Fixed possible memory access outside allocated memory.
Hold memory texts as one long string to avoid too much relocation at load time.
Fix for \K giving a compile-time error if it appeared in a lookbehind assersion.
\K was not working if it appeared in an atomic group or in a group that was called as a "subroutine", or in an assertion. Perl 5.11 documents that \K is "not well defined" if used in an assertion. DIRegEx now accepts it if the assertion is positive, but not if it is negative.
A pattern such as (?P<L1>(?P<L2>0)|(?P>L2)(?P>L1)) in which the only other item in branch that calls a recursion is a subroutine call – as in the second branch in the above example – was incorrectly given the compile-time error "recursive call could loop indefinitely" because pcre_compile was not correctly checking the subroutine for matching a non-empty string.
Completely revised the help generator to ease navigation and improve readability. Send your feedback!
A pattern such as ^(?!a(*SKIP)b) where a negative assertion contained one of the verbs SKIP, PRUNE, or COMMIT, did not work correctly. When the assertion pattern did not match (meaning that the assertion was true), it was incorrectly treated as false if the SKIP had been reached during the matching. This also applied to assertions used as conditions.
If an item that is not supported by pcre_dfa_exec() was encountered in an assertion subpattern, including such a pattern used as a condition, unpredictable results occurred, instead of the error return PCRE_ERROR_DFA_UITEM.
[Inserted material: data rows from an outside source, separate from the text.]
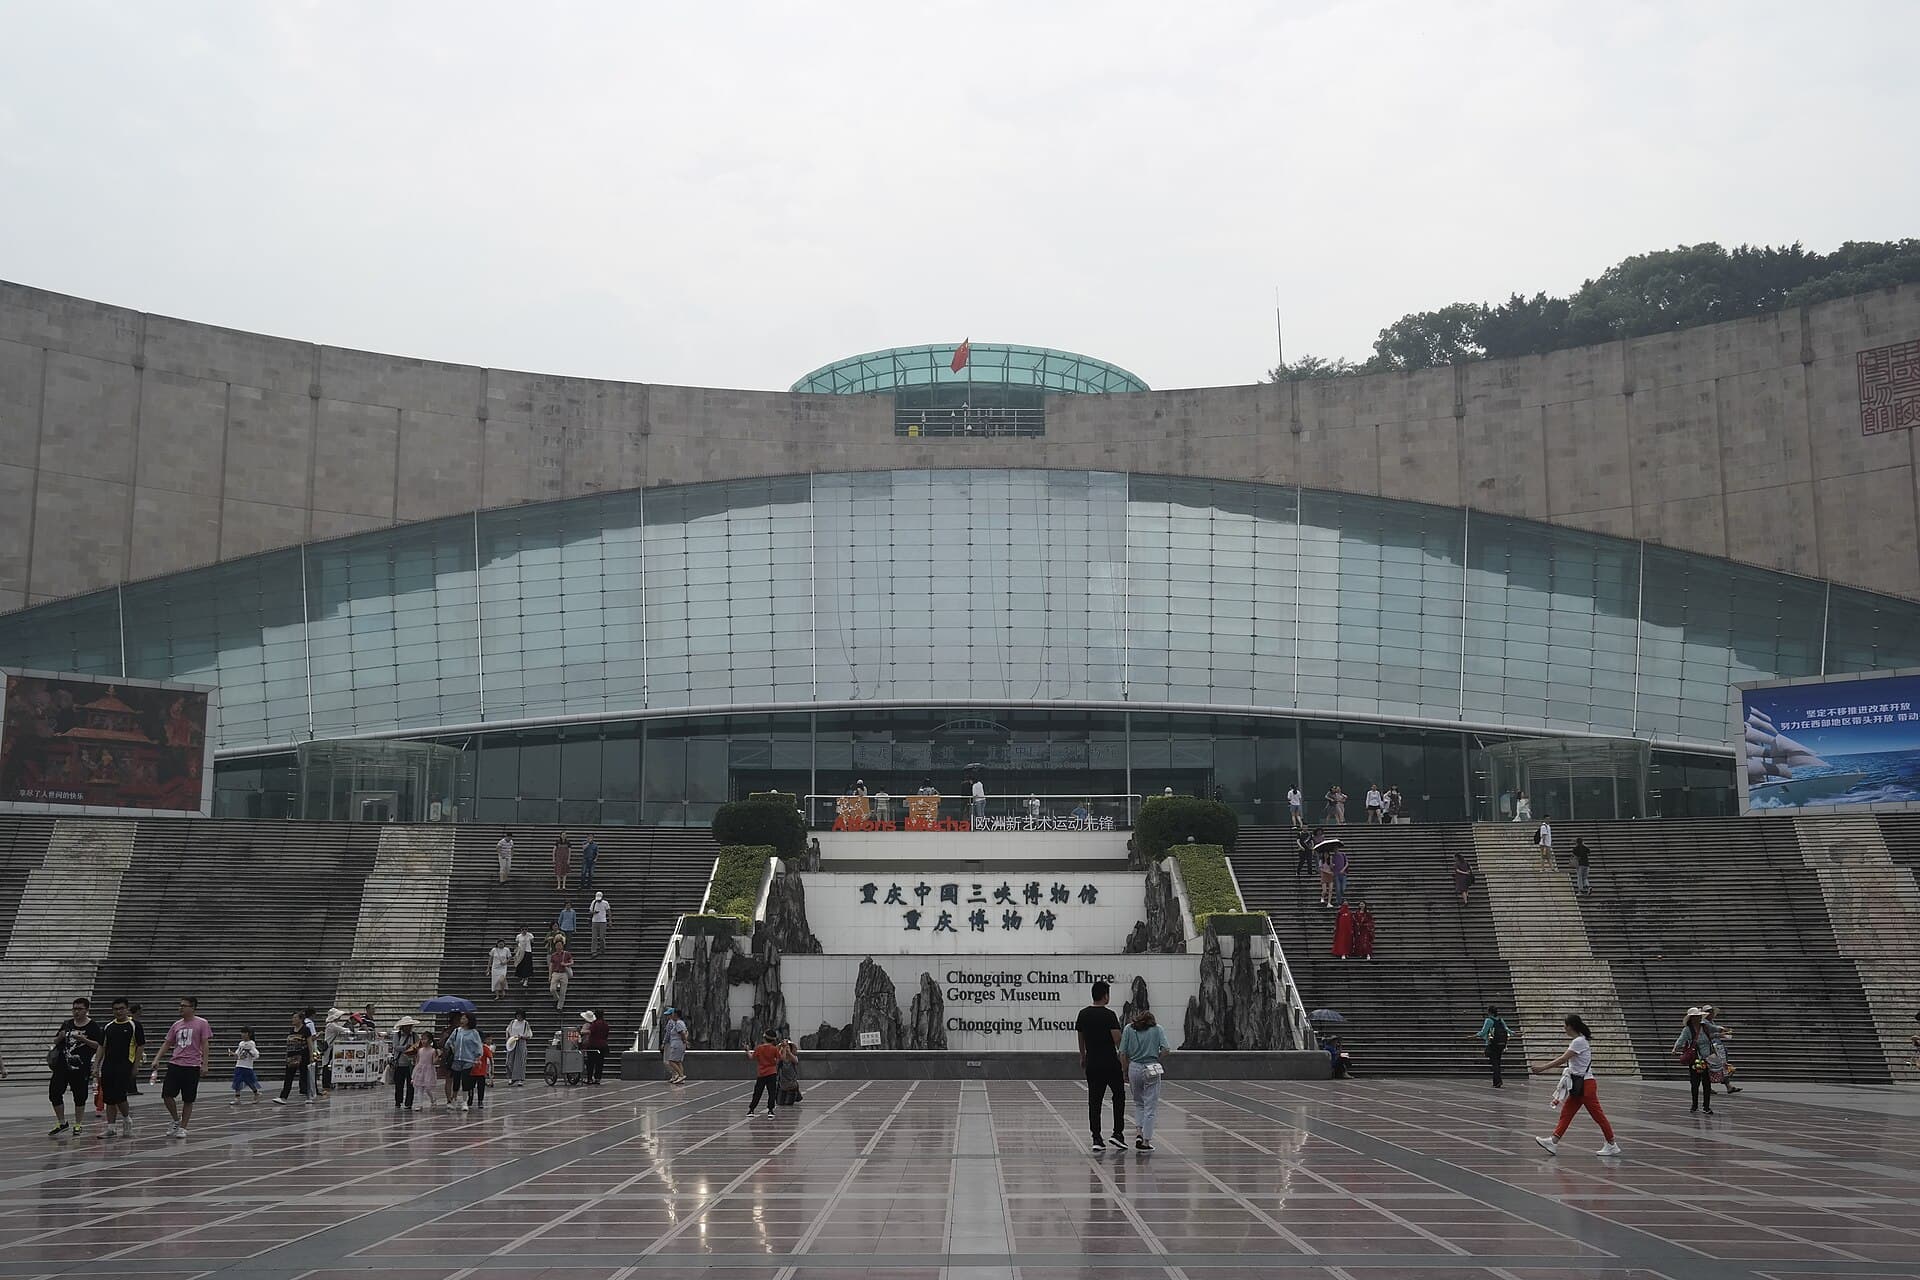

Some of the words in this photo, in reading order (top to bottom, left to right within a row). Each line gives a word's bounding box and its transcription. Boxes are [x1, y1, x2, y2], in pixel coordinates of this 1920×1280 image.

[1806, 702, 1911, 718] 坚定不移推进改革开放
[1780, 714, 1894, 731] 努力在西部地区带头开放
[1897, 712, 1920, 722] 带动
[975, 815, 1114, 832] 欧洲新艺术运动先锋
[859, 881, 1099, 906] 重庆中国三峡博物馆
[903, 908, 1057, 933] 重庆博物馆
[946, 970, 1022, 987] Chongqing
[1026, 970, 1069, 984] China
[1073, 970, 1114, 983] Three
[946, 987, 996, 1003] Gorges
[1000, 988, 1060, 1001] Museum
[946, 1017, 1023, 1034] Chongqing
[1028, 1017, 1079, 1031] Museu
A subtle bug concerned with back references has been fixed by a change of specification, with a corresponding code fix. A pattern such as ^(xa|=?\1a)+$ which contains a back reference inside the group to which it refers, was giving matches when it shouldn't. For example, xa=xaaa would match that pattern. Interestingly, Perl (at least up to 5.11.3) has the same bug. Such groups have to be quantified to be useful, or contained inside another quantified group. (If there's no repetition, the reference can never match.) The problem arises because, having left the group and moved on to the rest of the pattern, a later failure that backtracks into the group uses the captured value from the final iteration of the group rather than the correct earlier one. This is now fixed by forcing any group that contains a reference to itself to be an atomic group; that is, there cannot be any backtracking into it once it has completed. This is similar to recursive and subroutine calls.
If a pattern contained a conditional subpattern with only one branch (in particular, this includes all (DEFINE) patterns), studying this pattern computed the wrong minimum data length and resulted in matching failures.
For patterns such as (?i)a(?-i)b|c where an option setting at the start of the pattern is reset in the first branch, compilation failed with "internal error: code overflow at offset…". This happened only when the reset was to the original external option setting.
Change published TDIRegEx.MatchPattern property back to AnsiString. This was unfortunately required type to fix a Delphi 2009 / 2010 RawByteString streaming problem.
Add new public TDIRegEx.MatchPatternRaw: RawByteString property to allow Unicode Delphis to set the MatchPattern without automatic codepage conversion. This is now the recommended MatchPattern runtime property.
Improve Unicode in DIRegEx_MaskControls.pas. TDIRegExMaskEdit and TDIRegExMaskComboBox now automatically encode text to UTF-8 when their RegEx component is in UTF-8 mode.
The maximum size of a compiled regular expression is now 16 MB. This should make users happy which had hit the old 64 KB limit.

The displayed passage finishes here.